Yes, their objective is very clearly to build political dossiers on the entire population. The capitalist media likes to portray everyone who has a problem with that as some sort of “privacy advocate,” and the kill list, when mentioned, tends to be treated as some sort of separate issue, as do the frequent street executions, though there is actually a Facebook page that tracks them: 3.0 per day for 2014.

This question of the Internet is an especially important part of our sport, as it is extremely rare to meet anyone who knows how to ride a unicycle, so just as we discuss the use of leg armor, gloves and other safety gear, it is worth discussing safe use of the Internet.

Wow, you guys are paranoid:D

All I see is that you either want to be on a social chit chat, close knitted network with guys that want to ride local, or you simply dont…
Who the hell wants to spy on a bunch of unicyclists whose only interest is to to conquer the trails and not the world:D

If you are that worried about “big brother” spying on you then you probably shouldn’t be using the internet at all, or a mobile phone for that matter :roll_eyes:

Yeah, that’s what I argued initially, but, what PuebloUNIdo and Robg said seemed pretty convincing.

Yeah, and Obama is planning to invade Texas, too.

Spoken like a true industry shill.

That’s “military-industrial complex shill” to you, sir.

9/11 was an inside job and the moon landing was faked.
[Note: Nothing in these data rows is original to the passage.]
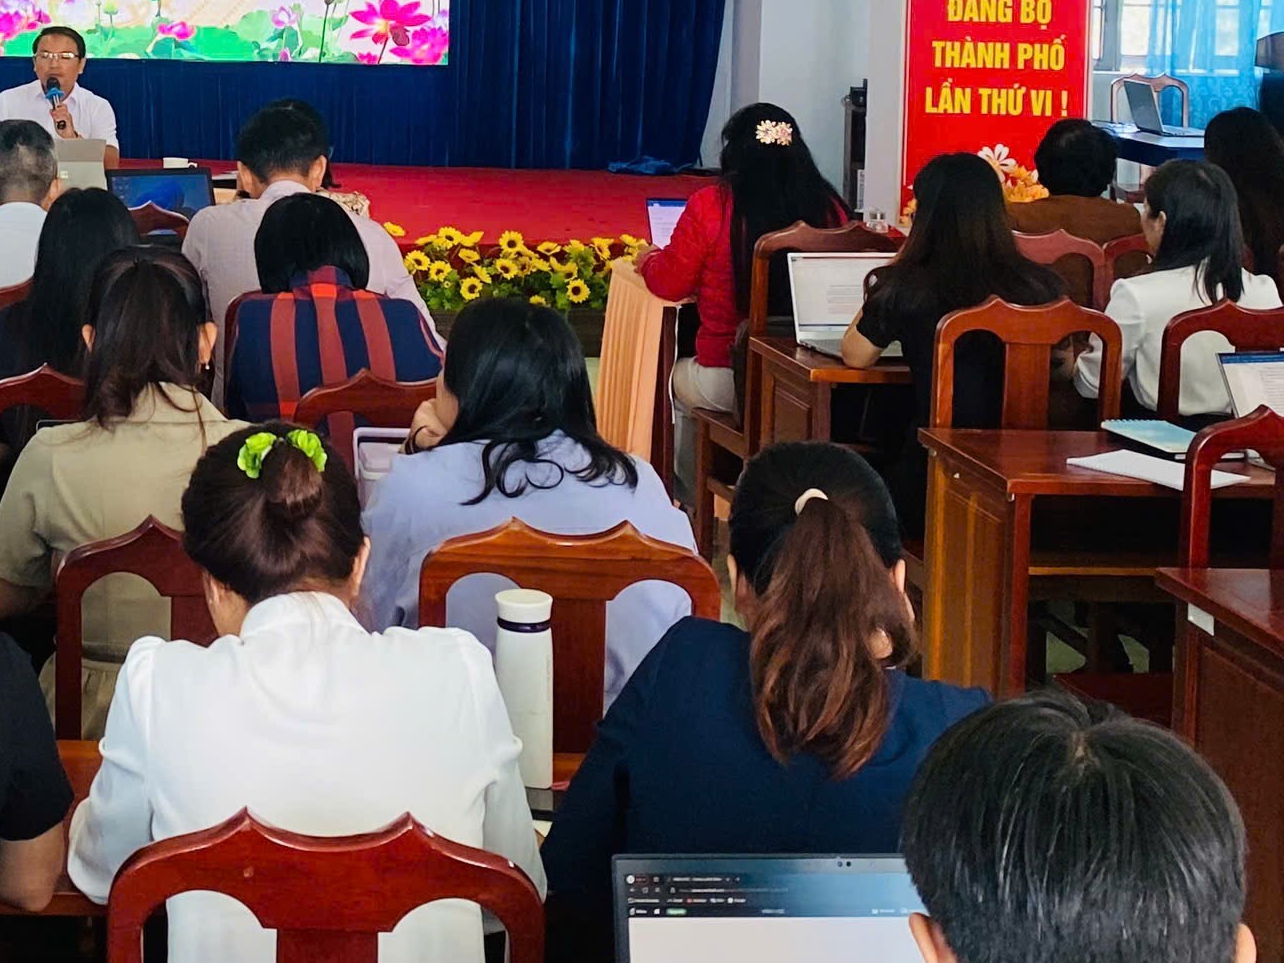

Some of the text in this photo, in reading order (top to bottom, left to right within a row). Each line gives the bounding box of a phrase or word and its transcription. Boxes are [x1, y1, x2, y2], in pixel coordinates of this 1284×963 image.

[932, 34, 1066, 71] THÀNH PHỐ
[924, 78, 971, 114] LẦN
[979, 83, 1026, 116] THỨ
[1030, 90, 1052, 116] VI
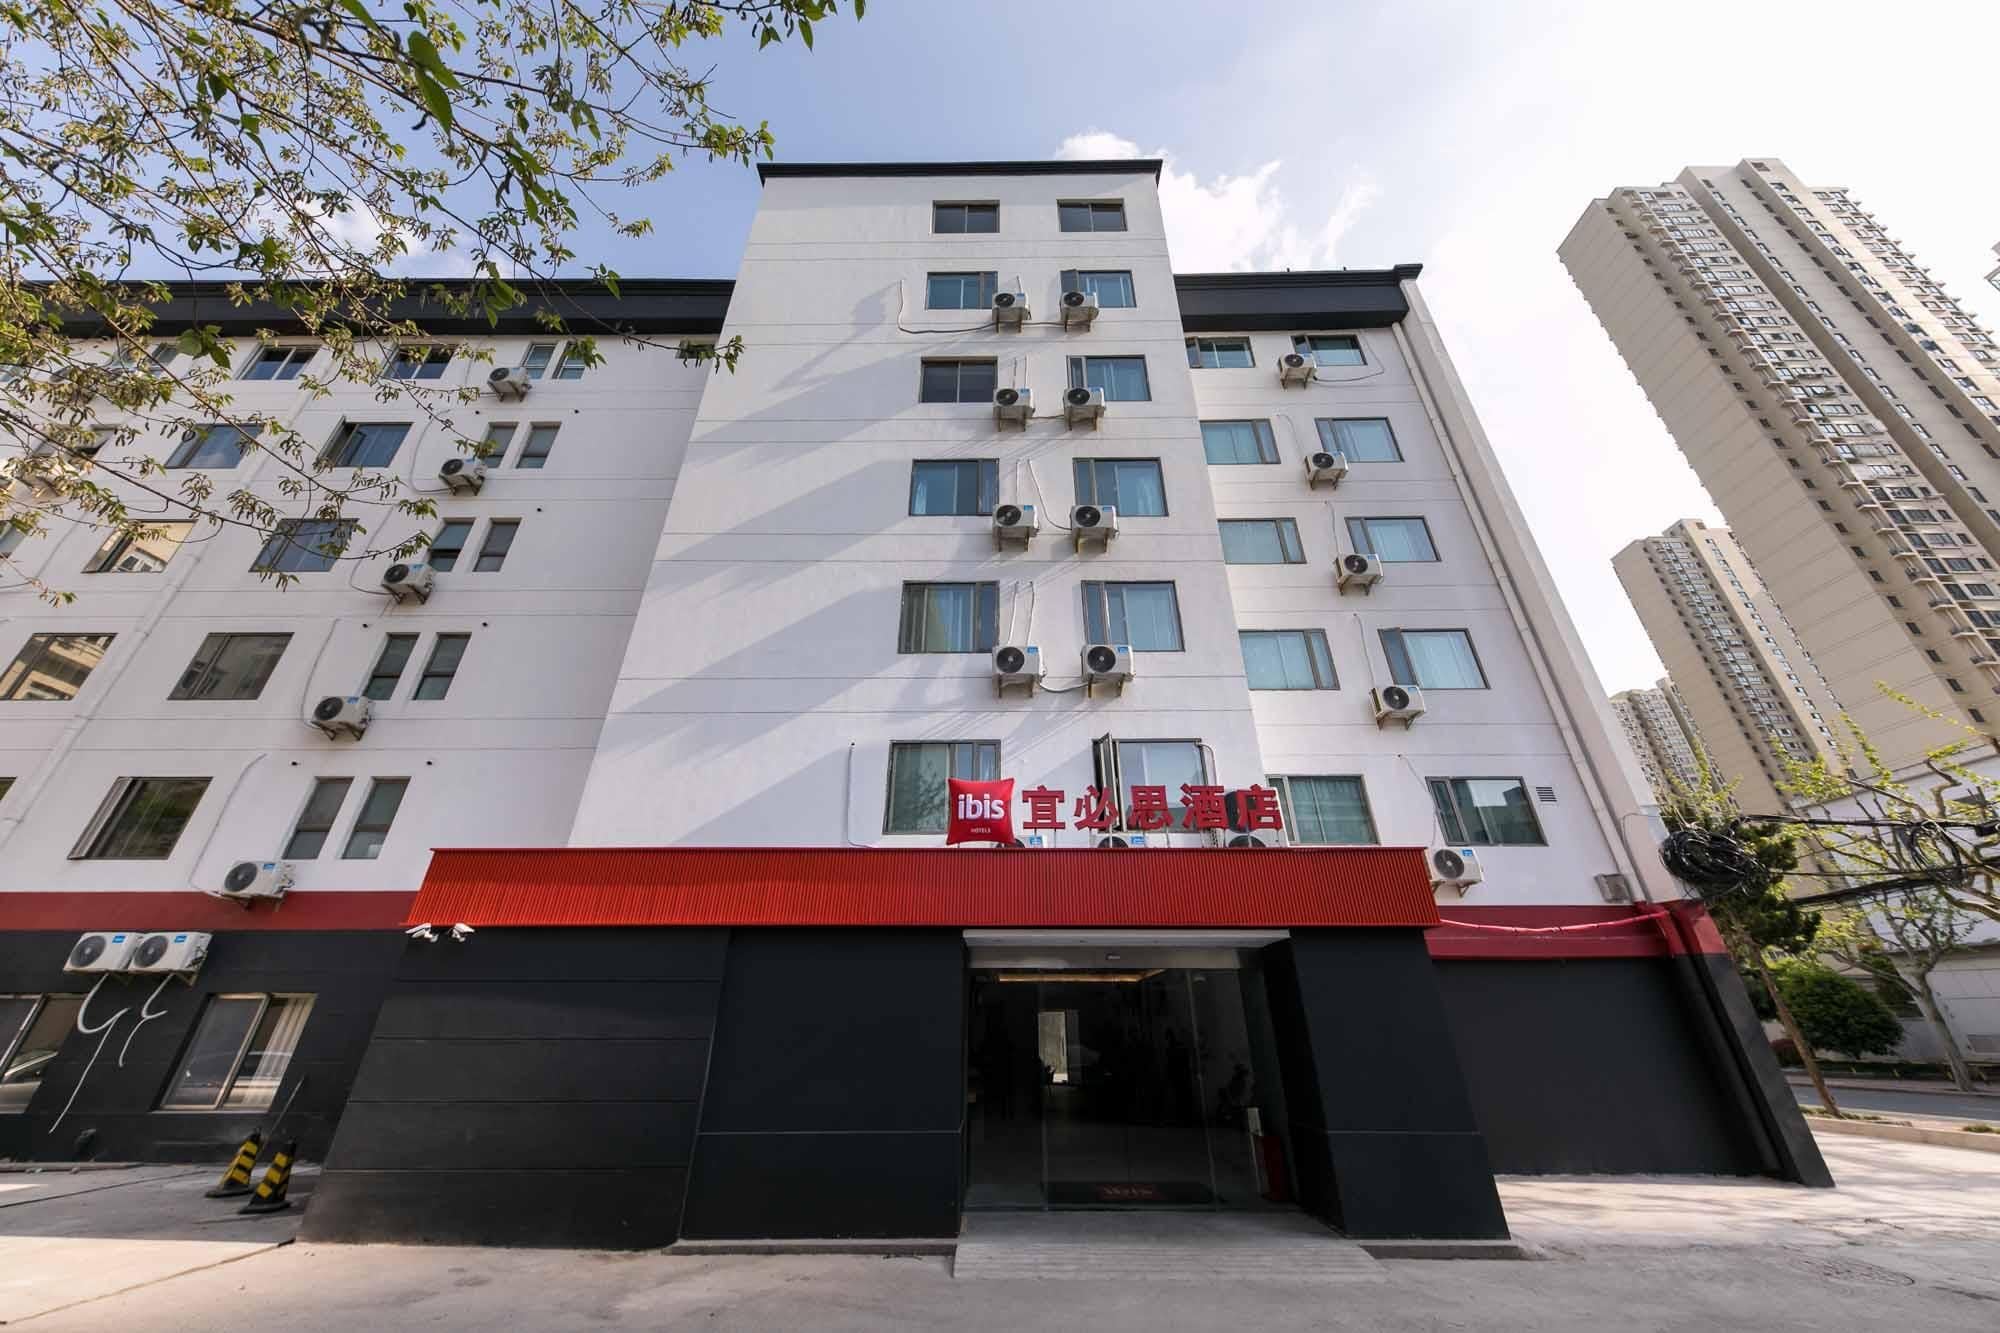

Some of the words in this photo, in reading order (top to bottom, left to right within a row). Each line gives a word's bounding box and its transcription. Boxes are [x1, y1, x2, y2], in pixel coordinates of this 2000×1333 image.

[958, 793, 1005, 819] ibis
[1021, 783, 1283, 830] 宜必思酒店
This is why we cant get Unicycle Chat back to the forums.

Government spies are implanted in unicycle chat whose sole purpose is to badmouth the forums so that they can keep the large portion of unicyclists where they can monitor them.

The point is not that the government is watching unicyclists, it is that the government is watching everybody, and breaking its own laws to do so, on a scale that is unprecedented because of the new technologies available and because of the massive economic inequality that has emerged in the US in the last 40 years. Ed Snowden put his life on the line to make this point, and there were others before him. In 2009, a telephone worker named Mark Klein, for example, published a book called “Wiring up the Big Brother Machine… And Fighting It.”

It is pretty much impossible to avoid this topic if you discuss people’s use of Facebook, but it is sad that Unicyclist.com has lost so much of its vitality. Oh well, SIF hopping isn’t too much different now than it was in 2006…

What I find sad is that when facebook went from university only to schools as well, it actually had some forum thread functionality in groups. It allowed for easy movement of forum users to the new service. As the ‘service’ became more mature, these features were dropped and users told to lump it (after the forums died or became shadows of themselves).

Personally I have never liked it, if you are not paying for a service and there is no obvious way of it making money, you are the product. Now, as the valid user content drops and rampant reposting of clickbait junk rises, we will see what comes next.

On the other hand, a like button would be very useful sometimes when a post or thread doesn’t need a reply and would give us a far better indication on the forums true user base. Modern social media replies are quick (one or two sentences), this post is an essay comparatively. The narrow feed fleshes out short replies and make them look more important than they really are.